A decision long pushed down the road
That “net-negative” phrasing is the crux. It implies Democrats believe the issue cost them more votes than it gained, while also aggravating a deeper fracture: whether the party can sustain a pro-Israel posture while a vocal faction increasingly treats Israel as a moral litmus test.
Harris tried to thread the needle during her short campaign, backing Israel’s security while calling for a ceasefire and emphasizing Palestinian civilian suffering and the fate of hostages. In a polarized environment, however, balancing can read as evasiveness, and evasiveness can read as insincerity.
The Democratic Party now faces a decision it has postponed for years. It can choose to separate itself from activists and elected voices who demand maximalist rhetoric on Israel, frame any compromise as complicity, and too often tolerate antisemitic language when it is packaged as “anti-Zionism.”
Or it can keep trying to appease that faction, gambling that pro-Israel Democrats, Jewish voters, and swing-state moderates will remain captive because the alternative feels worse. Either choice creates pain. Only one prevents a perpetual internal veto.
Recalibration does not require indifference to Palestinian suffering. It requires language and policy that can hold two truths at once: Israel has a right and obligation to defeat Hamas after October 7, and civilian harm in Gaza is morally serious and politically corrosive. It also requires a firm boundary between legitimate criticism of Israeli policy and the demonization of Israel as uniquely evil.
Democrats cannot claim to belong to a party that fights bigotry while treating antisemitism as a secondary concern that becomes inconvenient precisely when Israel is debated most intensely.
This is not simply an argument about foreign policy. Axios’s reporting suggests Gaza became a domestic identity issue for many voters, a proxy for morality, belonging, and whether elites listen or merely manage. When an issue touches identity, it can outrank kitchen-table policy – even for voters who still care about prices, jobs, and healthcare.

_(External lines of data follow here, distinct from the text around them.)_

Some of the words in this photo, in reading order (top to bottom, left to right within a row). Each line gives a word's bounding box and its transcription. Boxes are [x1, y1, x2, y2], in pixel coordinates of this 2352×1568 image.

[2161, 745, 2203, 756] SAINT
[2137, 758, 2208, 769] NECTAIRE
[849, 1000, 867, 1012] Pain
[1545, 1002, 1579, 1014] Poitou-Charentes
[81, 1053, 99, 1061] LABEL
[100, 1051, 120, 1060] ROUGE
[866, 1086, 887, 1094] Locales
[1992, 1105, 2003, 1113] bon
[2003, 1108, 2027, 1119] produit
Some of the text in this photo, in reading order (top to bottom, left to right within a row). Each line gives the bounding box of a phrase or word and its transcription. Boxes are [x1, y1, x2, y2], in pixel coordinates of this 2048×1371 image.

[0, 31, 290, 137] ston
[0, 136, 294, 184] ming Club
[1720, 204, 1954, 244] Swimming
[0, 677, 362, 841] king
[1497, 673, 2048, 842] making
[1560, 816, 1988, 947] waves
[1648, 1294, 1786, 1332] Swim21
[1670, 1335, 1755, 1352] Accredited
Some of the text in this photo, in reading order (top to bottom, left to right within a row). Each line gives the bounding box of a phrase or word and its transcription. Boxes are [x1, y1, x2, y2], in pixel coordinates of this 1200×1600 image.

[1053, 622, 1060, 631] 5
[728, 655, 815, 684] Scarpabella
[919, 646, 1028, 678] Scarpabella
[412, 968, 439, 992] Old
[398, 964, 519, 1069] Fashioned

This means that for many Americans, the relationship with Israel is, for all intents and purposes, a domestic issue and not one that either party can simply put off until it’s convenient.
The same dynamic is increasingly visible on the American Right, as well. Recently, The Jerusalem Post has extensively pointed to a widening Israel and antisemitism divide in conservative politics, including the rise of conspiratorial, Israel-baiting rhetoric that thrives on attention and factional grievance, and the failure of administration officials to call it out.
If Democrats believe Gaza was a “net-negative” in 2024, hiding the autopsy is not a solution. Publish it. Debate it. Set standards for how Democrats will talk about Israel’s security, Palestinian dignity, Hamas terror, and antisemitism, without moral blur or factional blackmail. If the party’s own research says this issue helped cost them the White House, then the American public deserves a nominee who can at least take a clear, public, moral stance.